第三日清晨,绚烂的朝霞铺满了大半天空,几束金色的阳光透过红木雕花窗棂,照进了大红的纱帐,洒在少女纤长浓密的眼睫上。
墨发散开,铺了一枕。他捻起一缕她的秀发,放在指尖缠绕,视线落在她雪白/粉嫩又透着丝丝娇媚的脸蛋上。
这份娇媚,是他赋予她的。如果说以前的她美得像仙,现在……倒更像是勾人心魄祸乱人世的狐狸精。
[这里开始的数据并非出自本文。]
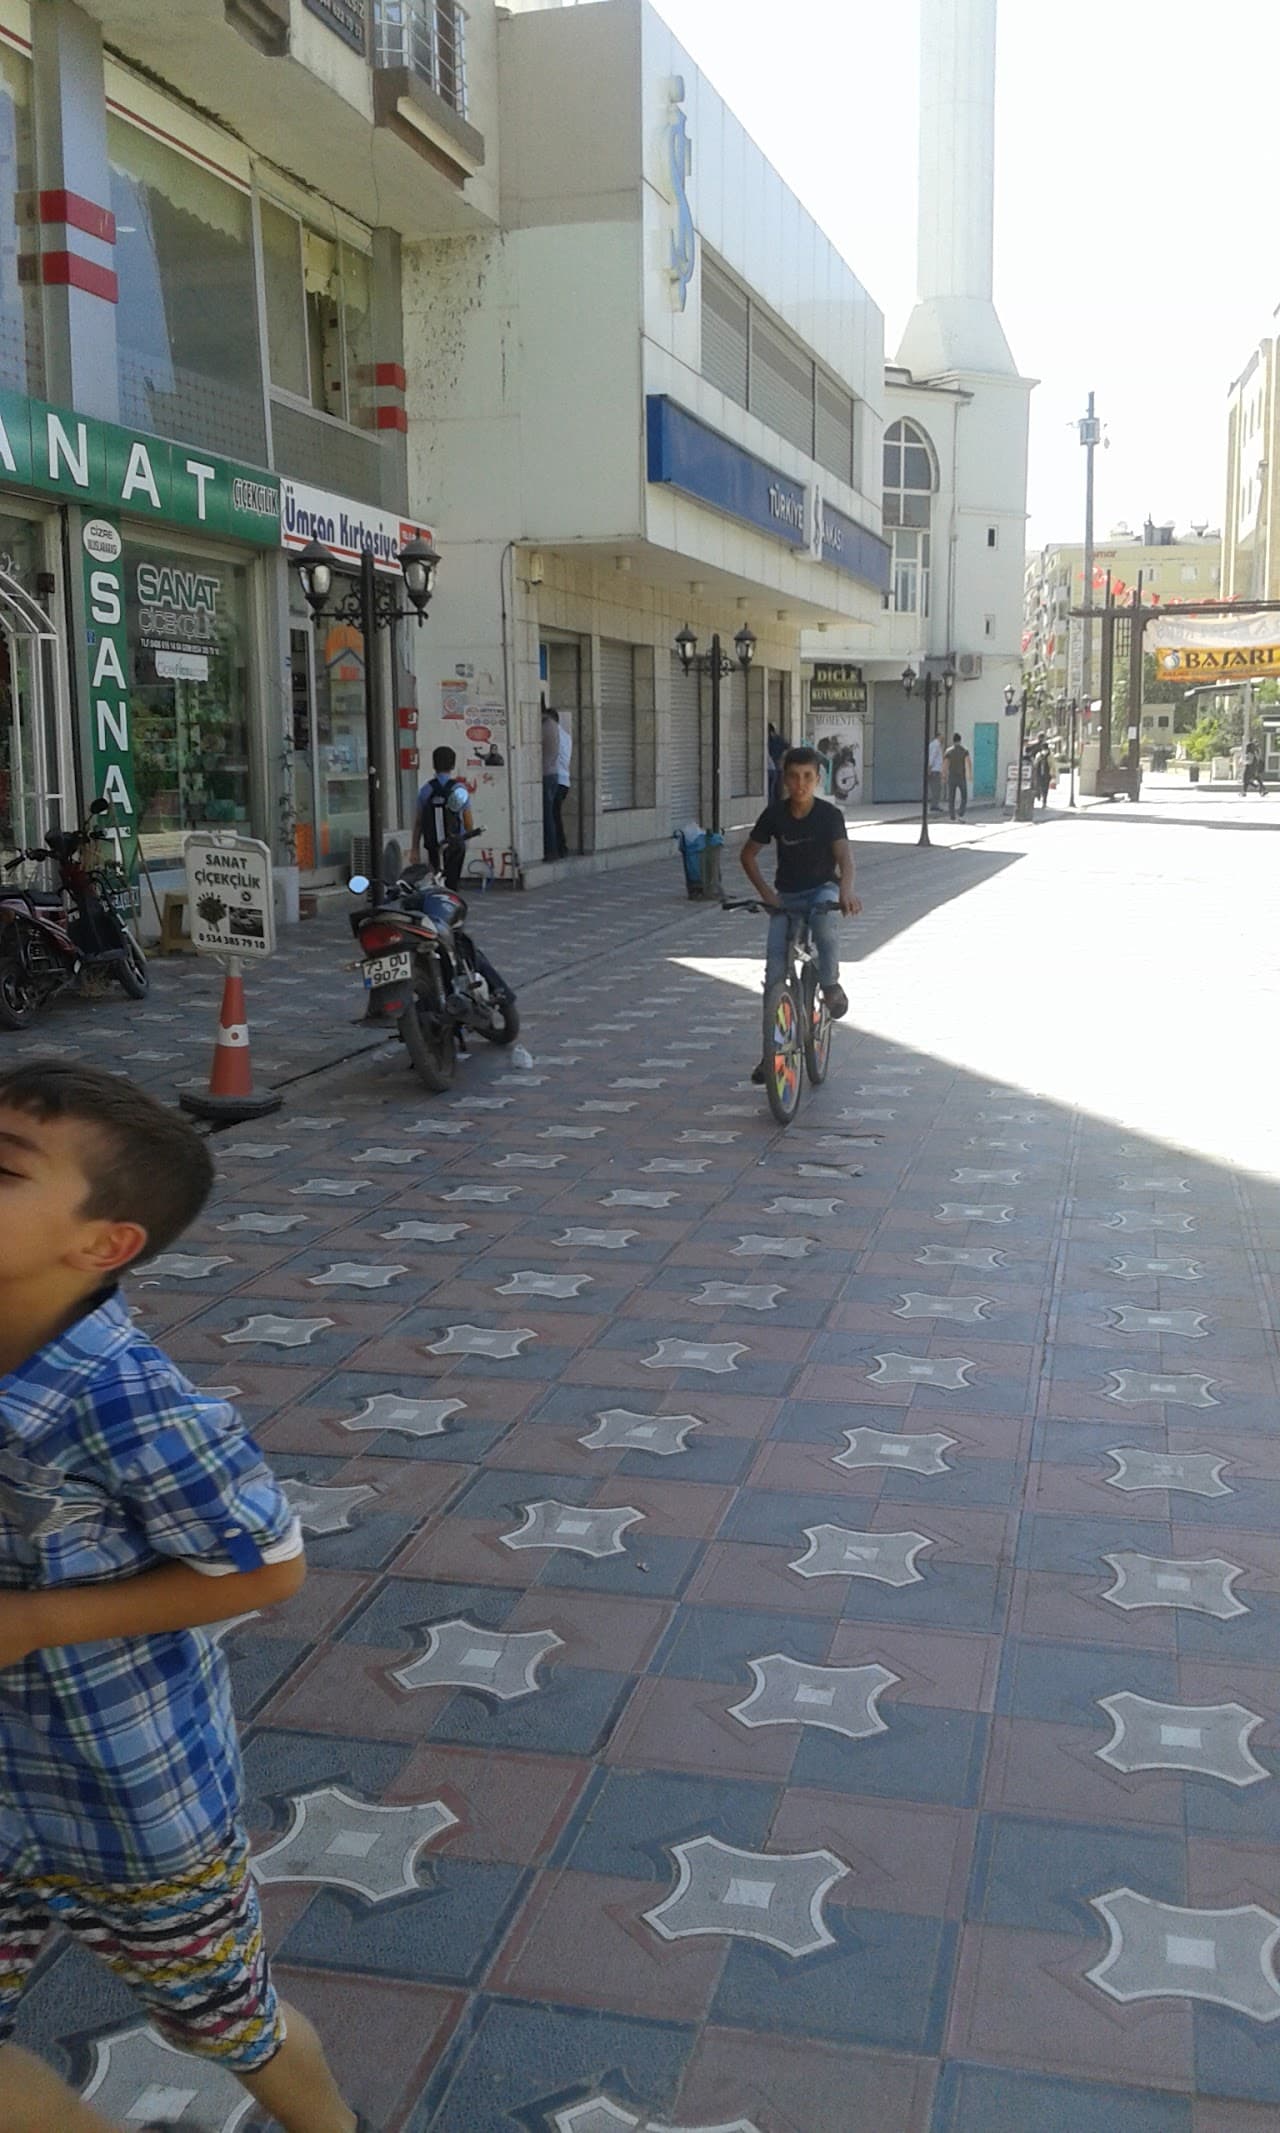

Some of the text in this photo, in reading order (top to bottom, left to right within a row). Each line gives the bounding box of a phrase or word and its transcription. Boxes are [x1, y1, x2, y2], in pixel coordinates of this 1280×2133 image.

他心里叹着,不能让她去祸乱人世了,就乖乖在他怀里祸乱他吧,他心甘情愿。
他低头亲了她粉红娇嫩的脸,这脸蛋儿真是细滑幼嫩,掐一把仿佛能掐出水来。他想咬一口,又怕咬坏了。细碎的吻从精致完美的五官逡巡而下,落到柔嫩的脖颈处,心口的燥热越来越重,大掌忍不住一把揭开了她身上的被子,压了上去。
阿凝眉一皱,睁开了眼醒了。
醒来的第一件事,又是迎接他永远没有餍足的吻。阿凝唔了一声,一时竟似不知该推拒还是该迎接。而他已经强势地挤了进去,一点点的,占满她。
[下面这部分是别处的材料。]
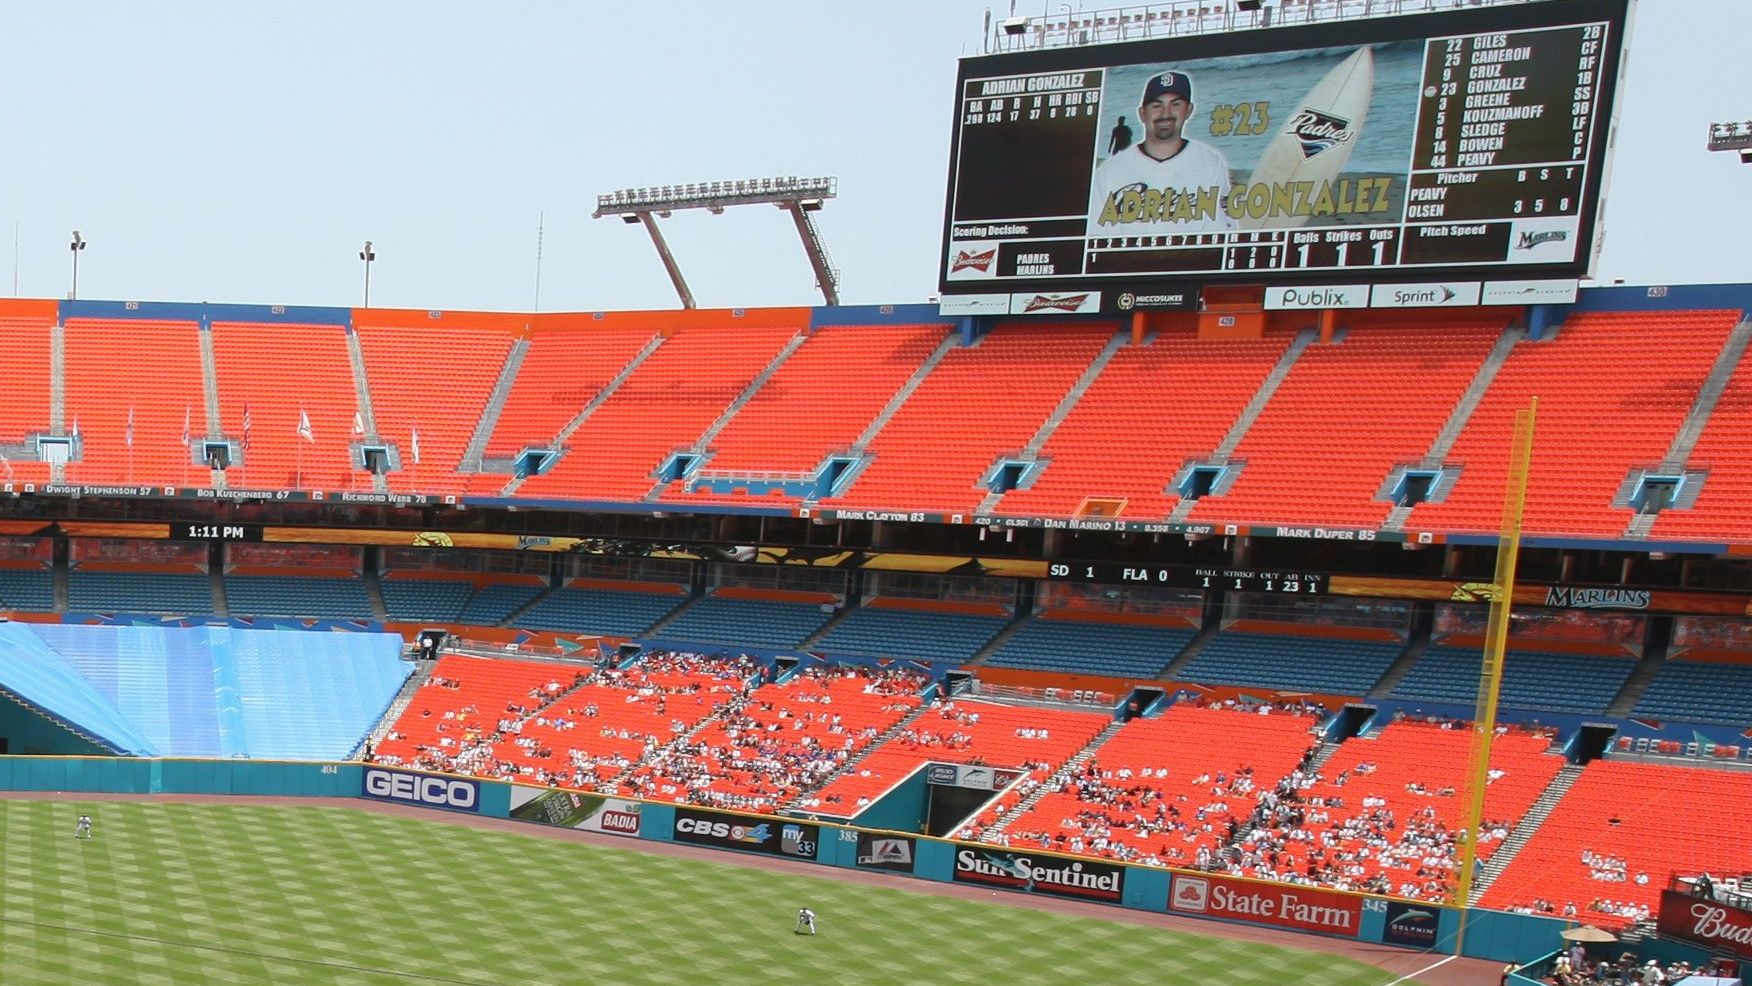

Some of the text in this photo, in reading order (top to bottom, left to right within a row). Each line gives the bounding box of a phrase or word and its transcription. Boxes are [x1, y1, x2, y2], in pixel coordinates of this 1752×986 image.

[1474, 34, 1507, 49] GILES
[1472, 47, 1530, 65] CAMERON
[1470, 64, 1502, 79] CRUZ
[982, 74, 1085, 95] ADRIAN GONZALEZ
[1467, 77, 1526, 94] GONZALEZ
[1065, 93, 1082, 105] RBI
[1465, 93, 1511, 108] GREENE
[1010, 111, 1019, 121] 17
[1209, 101, 1271, 136] #23
[1463, 105, 1544, 123] KOUZMANOFF
[1287, 113, 1355, 142] Padres
[1461, 122, 1505, 137] SLEDGE
[1459, 137, 1503, 152] BOWEN
[1457, 152, 1495, 166] PEAVY
[1437, 173, 1478, 184] Pitcher
[1411, 187, 1448, 201] PEAVY
[1098, 177, 1391, 227] ADRIAN GONZALEZ
[1408, 204, 1444, 218] OLSEN
[954, 225, 1028, 237] Scoring Decision:
[1294, 230, 1393, 244] Balls Strikes Outs
[1420, 224, 1487, 237] Pitch Speed
[1017, 254, 1049, 264] PADRES
[1017, 265, 1054, 275] MARLINS
[1283, 289, 1344, 306] Publix
[1394, 290, 1435, 305] Sprint
[46, 485, 150, 496] DWIGHT STEPHENSON 57
[197, 490, 213, 498] BOB
[277, 491, 289, 499] 67
[837, 510, 924, 522] MARK CLAYTON 83
[189, 525, 243, 538] 1:11 PM
[1044, 519, 1126, 531] DAN MARINO 13
[1276, 527, 1375, 541] MARK DUPER 85
[1545, 586, 1649, 609] MARLINS
[321, 765, 337, 774] 404
[366, 770, 476, 808] GEICO
[603, 814, 637, 829] BADIA
[676, 818, 730, 838] CBS
[782, 825, 804, 844] my
[838, 830, 858, 842] 385
[799, 841, 814, 855] 33
[958, 850, 1120, 892] Sun Sentinel
[1211, 885, 1350, 928] State Farm
[1362, 899, 1387, 912] 345
[1392, 924, 1434, 935] DOLPHIN
她皱眉,“殿下……”尾音被无限地拉长,娇弱绵软,仿佛一根细丝,划过他的心间。
他上去含住她的唇,时重时轻,辗转反侧。她便呜咽着柔软地也委屈无奈地敞开自己,接受着他。
明媚的阳光将她红莲般的小脸照亮,他知道时间不早了,他原本是要叫醒她准备起身的,可是……这样诱人的小东西,还是最后再疼一次吧。
去宫里谒见帝后能推迟,但回门却不能推,也不能去晚了。因为赵琰知道,阿凝很在意这个。
所以这回不过一炷香时间,他就放了她。结束时,某个姑娘双眸半开半闭,意识已经不知身在何方。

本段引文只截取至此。